# Work instructions:
Once the pictures are removed, reproduce what is left of the data below exactly.

# Source material:
======

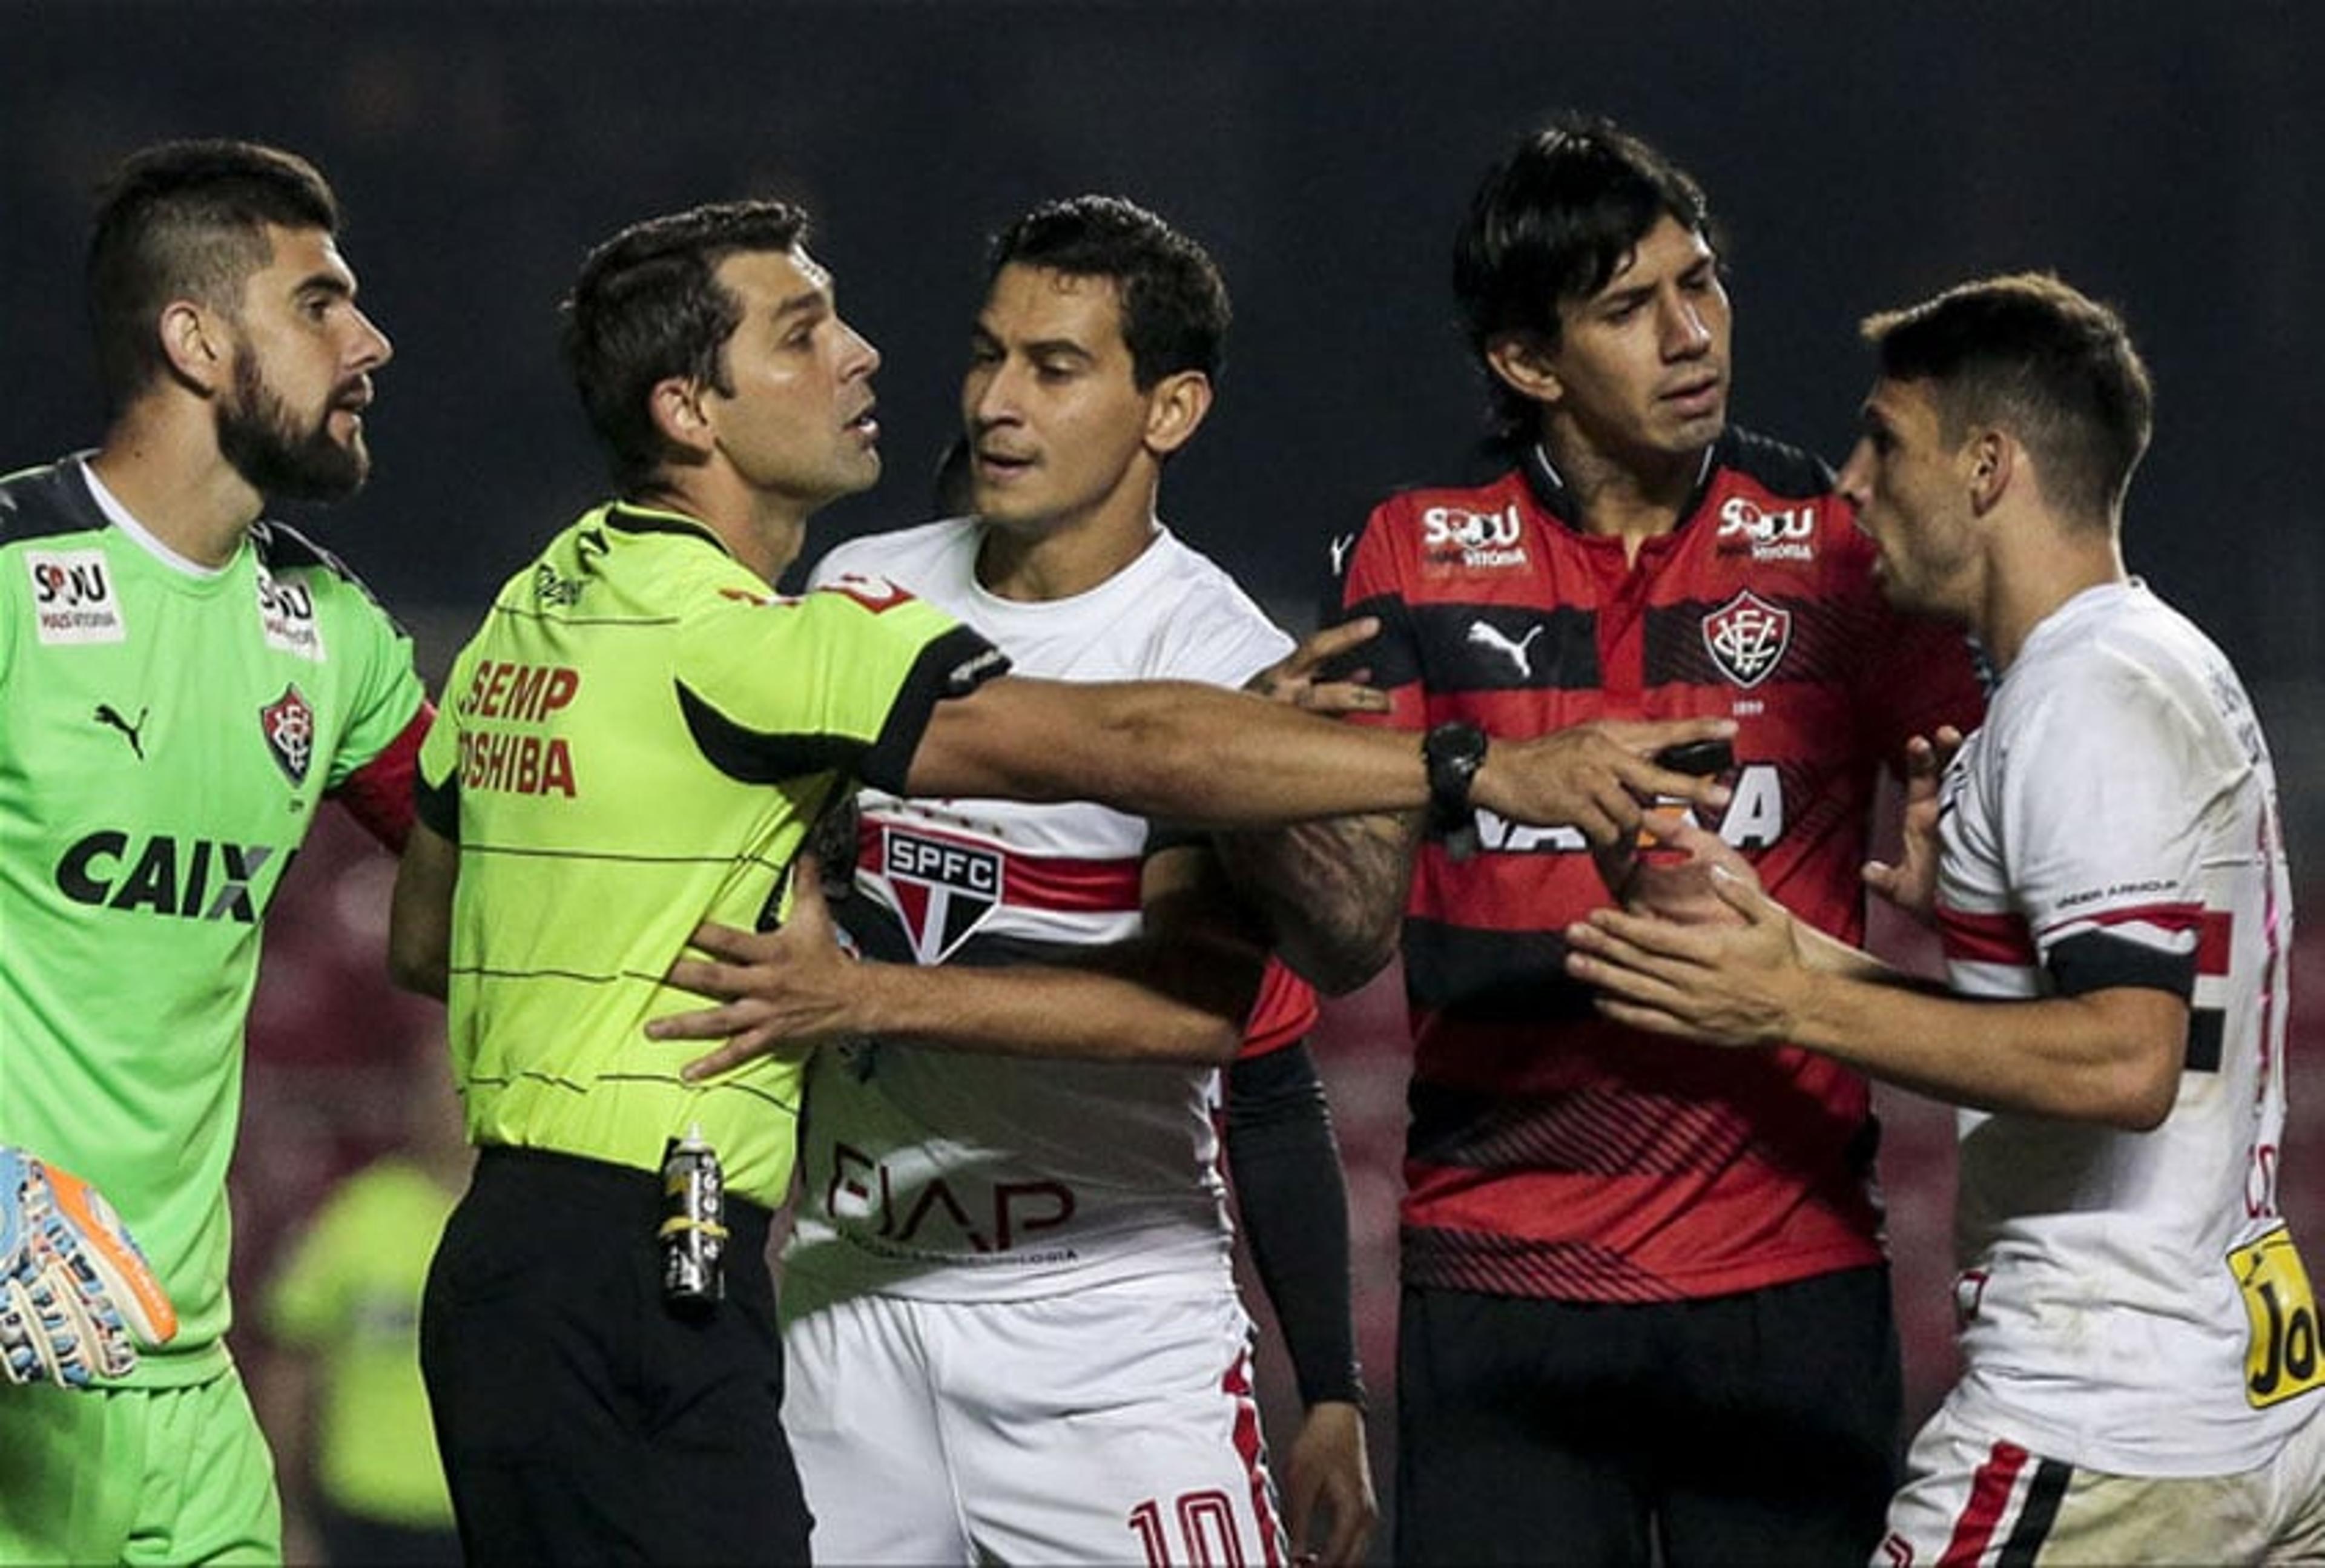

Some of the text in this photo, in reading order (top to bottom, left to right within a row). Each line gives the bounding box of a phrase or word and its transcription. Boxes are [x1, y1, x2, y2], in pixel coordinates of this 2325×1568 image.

[459, 660, 580, 722] SEMP
[458, 731, 577, 799] OSHIBA
[55, 830, 300, 924] CAIX
[891, 838, 993, 890] SPFC
[828, 1142, 1076, 1253] FIAP
[2249, 1282, 2325, 1396] Jo
[1129, 1487, 1245, 1568] 10

======

# Solution for this problem:
Some of the text in this photo, in reading order (top to bottom, left to right within a row). Each line gives the bounding box of a phrase or word and its transcription. Boxes are [x1, y1, x2, y2], in pixel coordinates of this 2325×1568 image.

[459, 660, 580, 722] SEMP
[458, 731, 577, 799] OSHIBA
[55, 830, 300, 924] CAIX
[891, 838, 993, 890] SPFC
[828, 1142, 1076, 1253] FIAP
[2249, 1282, 2325, 1396] Jo
[1129, 1487, 1245, 1568] 10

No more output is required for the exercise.